- Breed: Thoroughbred
- Sire: A.P. Indy
- Grandsire: Seattle Slew
- Dam: Praise
- Damsire: Mr. Prospector
- Sex: Stallion
- Foaled: March 13, 2000 Kentucky, USA
- Died: July 28, 2025 (aged 25) Florida, USA
- Country: United States of America
- Breeder: Claiborne Farm & Adele Dilschneiderr
- Owner: Cloverleaf Farm II, Inc.r
- Trainer: Claude R McGaughey III →Richard Mandella →Claude R McGaughey III →Richard Mandella →Kathleen O'Connell
- Record: 26: 7-3-5
- Earnings: 998,960 USD

Major wins
- San Pasqual Handicap (2005)

= Congrats (horse) =

American thoroughbred racehorse (2000–2025)
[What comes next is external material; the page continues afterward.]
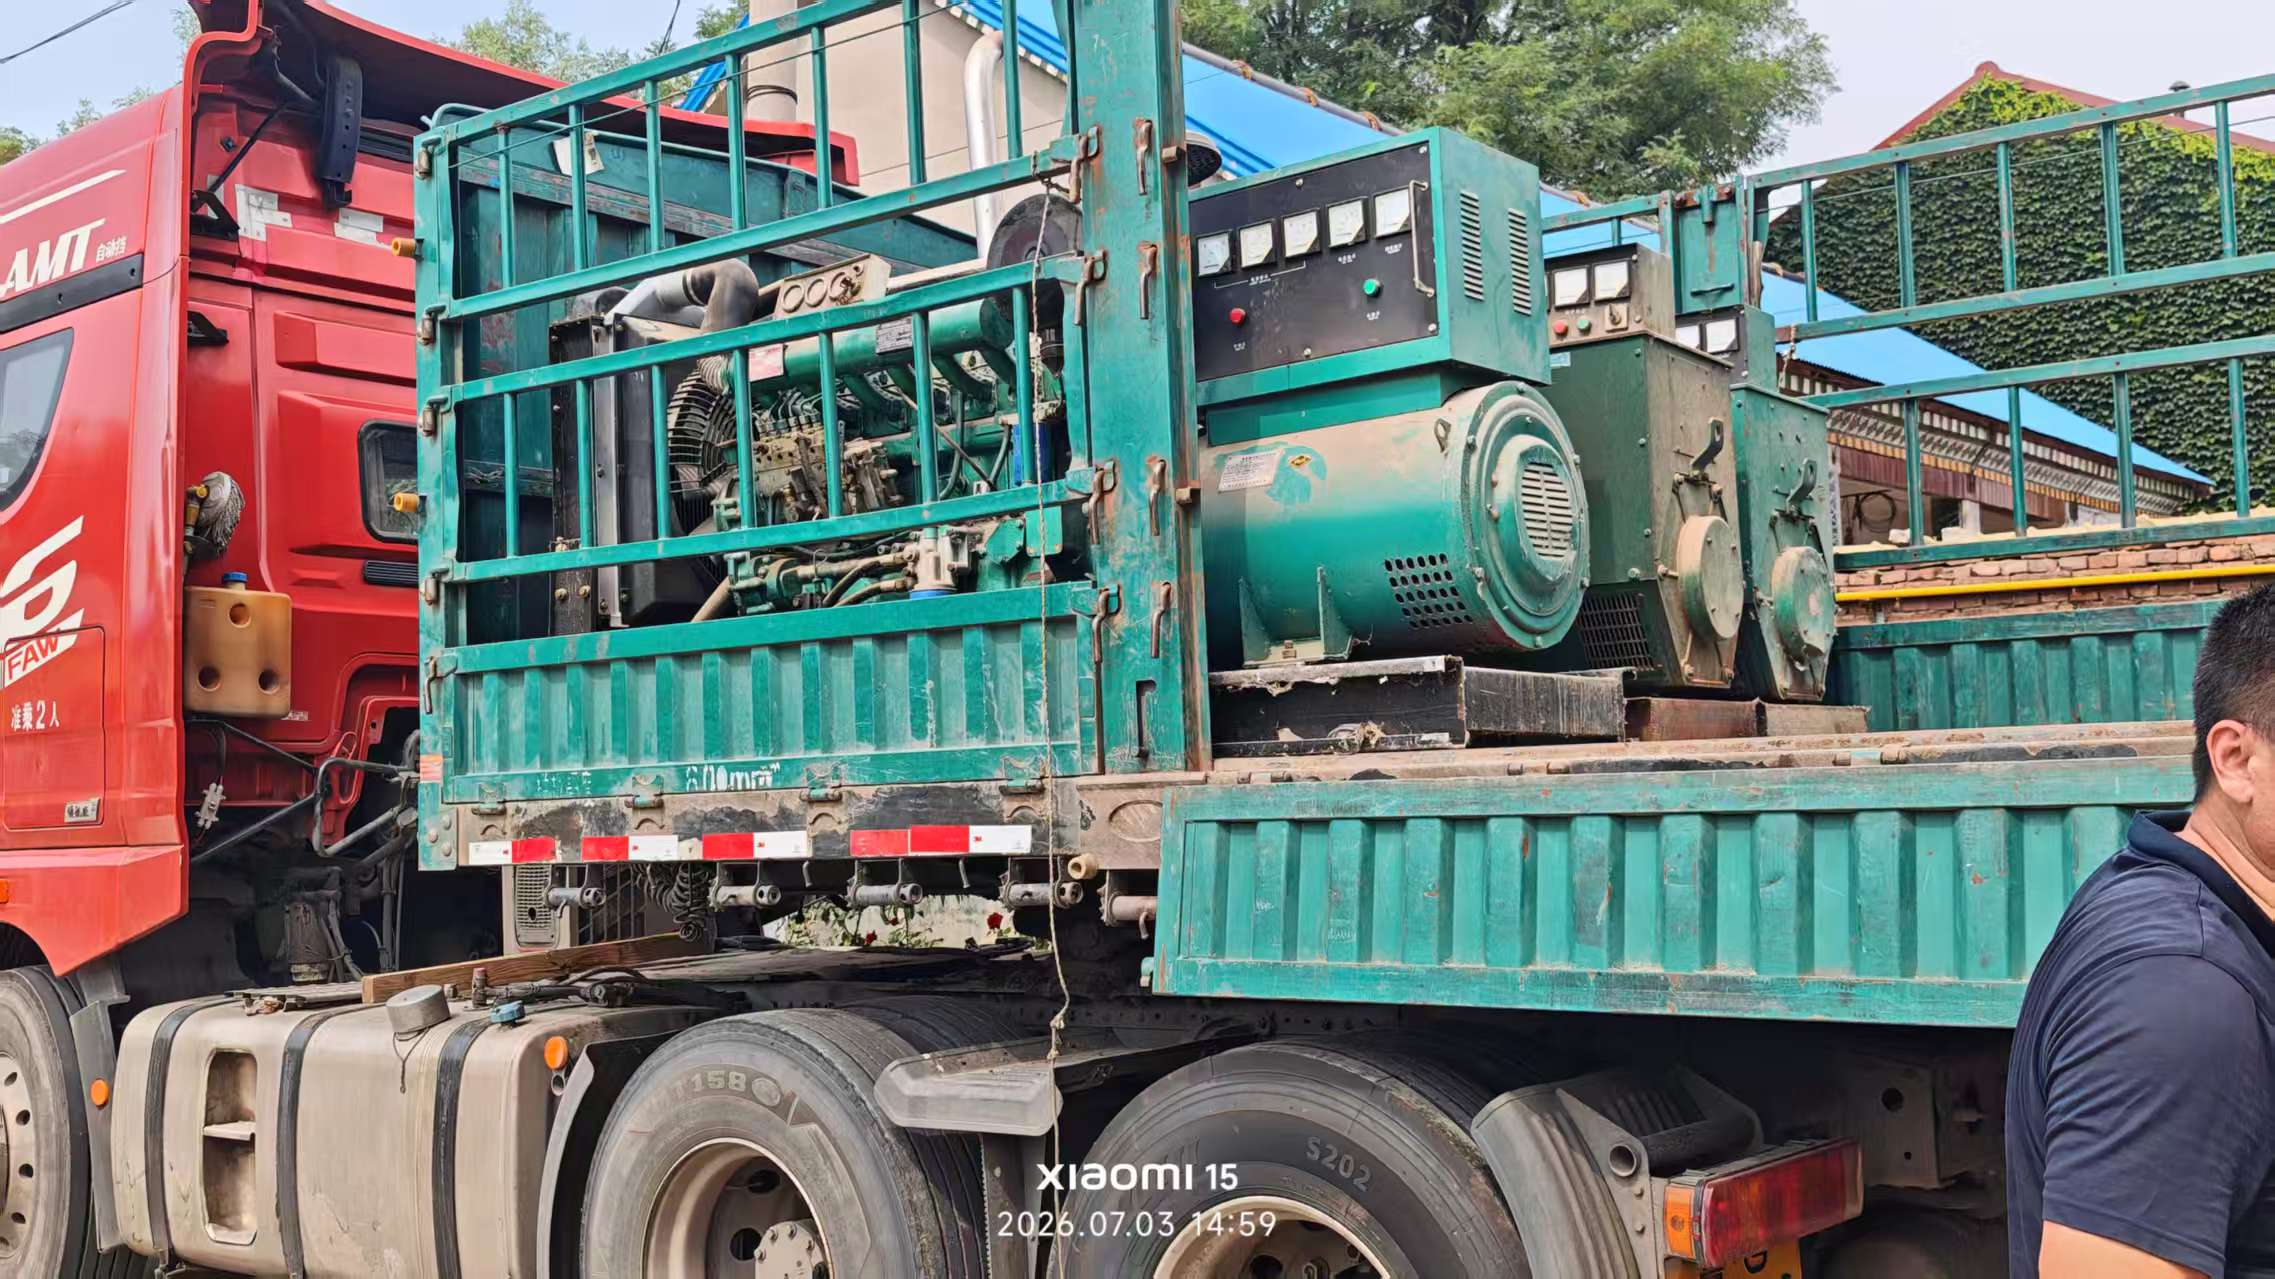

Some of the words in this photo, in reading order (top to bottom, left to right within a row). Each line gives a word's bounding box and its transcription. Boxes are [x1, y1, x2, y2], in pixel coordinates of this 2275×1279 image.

Congrats (March 13, 2000 - July 28, 2025) was an American thoroughbred racehorse.

== Racing career ==
Congrats debuted and won his maiden race at the Saratoga Race Course on July 27, 2002.

Congrats won his first graded race when he won the San Pasqual Handicap in 2005. He was later sent to the 2005 Dubai World Cup, where he finished 5th behind Roses In May.

== Racing form ==
The following form is based on information available on Equibase and Racing Post.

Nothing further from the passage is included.